> PROBLEM DETAILS
From the first line to the last, retype the data below exactly.

> SOURCE DATA
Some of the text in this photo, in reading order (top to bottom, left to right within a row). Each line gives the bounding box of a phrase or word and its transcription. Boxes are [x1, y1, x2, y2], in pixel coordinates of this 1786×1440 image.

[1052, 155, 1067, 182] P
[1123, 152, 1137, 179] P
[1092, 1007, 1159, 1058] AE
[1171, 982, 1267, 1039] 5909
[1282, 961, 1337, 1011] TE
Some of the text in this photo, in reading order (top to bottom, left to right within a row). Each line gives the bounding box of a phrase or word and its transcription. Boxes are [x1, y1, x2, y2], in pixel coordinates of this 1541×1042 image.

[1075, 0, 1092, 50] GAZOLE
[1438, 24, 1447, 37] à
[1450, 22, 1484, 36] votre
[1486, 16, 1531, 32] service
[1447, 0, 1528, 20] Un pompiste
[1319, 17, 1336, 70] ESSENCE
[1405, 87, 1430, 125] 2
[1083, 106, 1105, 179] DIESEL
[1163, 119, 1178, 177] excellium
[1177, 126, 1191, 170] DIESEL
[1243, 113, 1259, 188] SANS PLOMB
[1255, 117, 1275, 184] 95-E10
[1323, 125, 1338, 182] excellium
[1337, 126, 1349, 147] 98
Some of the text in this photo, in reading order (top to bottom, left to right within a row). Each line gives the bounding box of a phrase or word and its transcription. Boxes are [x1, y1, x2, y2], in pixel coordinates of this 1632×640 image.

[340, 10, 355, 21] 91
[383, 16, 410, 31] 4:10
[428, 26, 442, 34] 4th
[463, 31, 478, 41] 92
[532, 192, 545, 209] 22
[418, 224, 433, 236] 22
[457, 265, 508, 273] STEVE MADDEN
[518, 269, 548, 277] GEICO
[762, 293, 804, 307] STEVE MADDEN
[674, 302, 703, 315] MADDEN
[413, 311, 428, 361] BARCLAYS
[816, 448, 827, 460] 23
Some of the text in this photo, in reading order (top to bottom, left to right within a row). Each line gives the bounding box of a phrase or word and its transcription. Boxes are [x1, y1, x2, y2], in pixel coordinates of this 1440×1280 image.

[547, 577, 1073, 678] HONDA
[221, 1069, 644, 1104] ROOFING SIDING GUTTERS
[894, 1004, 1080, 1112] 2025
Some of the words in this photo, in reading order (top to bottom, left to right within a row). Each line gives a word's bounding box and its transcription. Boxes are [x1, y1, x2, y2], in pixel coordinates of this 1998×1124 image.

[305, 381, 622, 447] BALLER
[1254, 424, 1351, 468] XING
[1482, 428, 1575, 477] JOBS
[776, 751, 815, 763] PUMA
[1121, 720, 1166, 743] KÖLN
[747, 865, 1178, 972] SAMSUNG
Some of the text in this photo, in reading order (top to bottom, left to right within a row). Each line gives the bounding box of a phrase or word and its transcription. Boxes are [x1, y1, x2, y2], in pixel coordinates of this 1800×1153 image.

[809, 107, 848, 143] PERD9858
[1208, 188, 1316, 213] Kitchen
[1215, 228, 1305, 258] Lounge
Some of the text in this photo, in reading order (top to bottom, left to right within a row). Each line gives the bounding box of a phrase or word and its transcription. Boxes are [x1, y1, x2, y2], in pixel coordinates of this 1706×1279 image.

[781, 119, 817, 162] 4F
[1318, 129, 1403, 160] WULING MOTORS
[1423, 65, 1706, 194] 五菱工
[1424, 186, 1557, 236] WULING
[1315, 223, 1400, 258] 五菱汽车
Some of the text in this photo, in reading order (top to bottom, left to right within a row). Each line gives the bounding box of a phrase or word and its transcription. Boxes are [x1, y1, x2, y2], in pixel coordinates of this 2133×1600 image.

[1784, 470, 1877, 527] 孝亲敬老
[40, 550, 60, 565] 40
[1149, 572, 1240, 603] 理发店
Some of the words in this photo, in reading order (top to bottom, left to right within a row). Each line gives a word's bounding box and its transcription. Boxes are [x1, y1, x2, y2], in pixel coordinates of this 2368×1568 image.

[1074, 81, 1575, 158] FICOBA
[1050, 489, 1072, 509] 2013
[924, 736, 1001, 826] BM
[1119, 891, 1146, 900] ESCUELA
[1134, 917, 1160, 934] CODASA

> RESULT FOR THIS EXERCISE
Some of the text in this photo, in reading order (top to bottom, left to right within a row). Each line gives the bounding box of a phrase or word and its transcription. Boxes are [x1, y1, x2, y2], in pixel coordinates of this 1786×1440 image.

[1052, 155, 1067, 182] P
[1123, 152, 1137, 179] P
[1092, 1007, 1159, 1058] AE
[1171, 982, 1267, 1039] 5909
[1282, 961, 1337, 1011] TE
Some of the text in this photo, in reading order (top to bottom, left to right within a row). Each line gives the bounding box of a phrase or word and its transcription. Boxes are [x1, y1, x2, y2], in pixel coordinates of this 1541×1042 image.

[1075, 0, 1092, 50] GAZOLE
[1438, 24, 1447, 37] à
[1450, 22, 1484, 36] votre
[1486, 16, 1531, 32] service
[1447, 0, 1528, 20] Un pompiste
[1319, 17, 1336, 70] ESSENCE
[1405, 87, 1430, 125] 2
[1083, 106, 1105, 179] DIESEL
[1163, 119, 1178, 177] excellium
[1177, 126, 1191, 170] DIESEL
[1243, 113, 1259, 188] SANS PLOMB
[1255, 117, 1275, 184] 95-E10
[1323, 125, 1338, 182] excellium
[1337, 126, 1349, 147] 98
Some of the text in this photo, in reading order (top to bottom, left to right within a row). Each line gives the bounding box of a phrase or word and its transcription. Boxes are [x1, y1, x2, y2], in pixel coordinates of this 1632×640 image.

[340, 10, 355, 21] 91
[383, 16, 410, 31] 4:10
[428, 26, 442, 34] 4th
[463, 31, 478, 41] 92
[532, 192, 545, 209] 22
[418, 224, 433, 236] 22
[457, 265, 508, 273] STEVE MADDEN
[518, 269, 548, 277] GEICO
[762, 293, 804, 307] STEVE MADDEN
[674, 302, 703, 315] MADDEN
[413, 311, 428, 361] BARCLAYS
[816, 448, 827, 460] 23
Some of the text in this photo, in reading order (top to bottom, left to right within a row). Each line gives the bounding box of a phrase or word and its transcription. Boxes are [x1, y1, x2, y2], in pixel coordinates of this 1440×1280 image.

[547, 577, 1073, 678] HONDA
[221, 1069, 644, 1104] ROOFING SIDING GUTTERS
[894, 1004, 1080, 1112] 2025
Some of the words in this photo, in reading order (top to bottom, left to right within a row). Each line gives a word's bounding box and its transcription. Boxes are [x1, y1, x2, y2], in pixel coordinates of this 1998×1124 image.

[305, 381, 622, 447] BALLER
[1254, 424, 1351, 468] XING
[1482, 428, 1575, 477] JOBS
[776, 751, 815, 763] PUMA
[1121, 720, 1166, 743] KÖLN
[747, 865, 1178, 972] SAMSUNG
Some of the text in this photo, in reading order (top to bottom, left to right within a row). Each line gives the bounding box of a phrase or word and its transcription. Boxes are [x1, y1, x2, y2], in pixel coordinates of this 1800×1153 image.

[809, 107, 848, 143] PERD9858
[1208, 188, 1316, 213] Kitchen
[1215, 228, 1305, 258] Lounge
Some of the text in this photo, in reading order (top to bottom, left to right within a row). Each line gives the bounding box of a phrase or word and its transcription. Boxes are [x1, y1, x2, y2], in pixel coordinates of this 1706×1279 image.

[781, 119, 817, 162] 4F
[1318, 129, 1403, 160] WULING MOTORS
[1423, 65, 1706, 194] 五菱工
[1424, 186, 1557, 236] WULING
[1315, 223, 1400, 258] 五菱汽车
Some of the text in this photo, in reading order (top to bottom, left to right within a row). Each line gives the bounding box of a phrase or word and its transcription. Boxes are [x1, y1, x2, y2], in pixel coordinates of this 2133×1600 image.

[1784, 470, 1877, 527] 孝亲敬老
[40, 550, 60, 565] 40
[1149, 572, 1240, 603] 理发店
Some of the words in this photo, in reading order (top to bottom, left to right within a row). Each line gives a word's bounding box and its transcription. Boxes are [x1, y1, x2, y2], in pixel coordinates of this 2368×1568 image.

[1074, 81, 1575, 158] FICOBA
[1050, 489, 1072, 509] 2013
[924, 736, 1001, 826] BM
[1119, 891, 1146, 900] ESCUELA
[1134, 917, 1160, 934] CODASA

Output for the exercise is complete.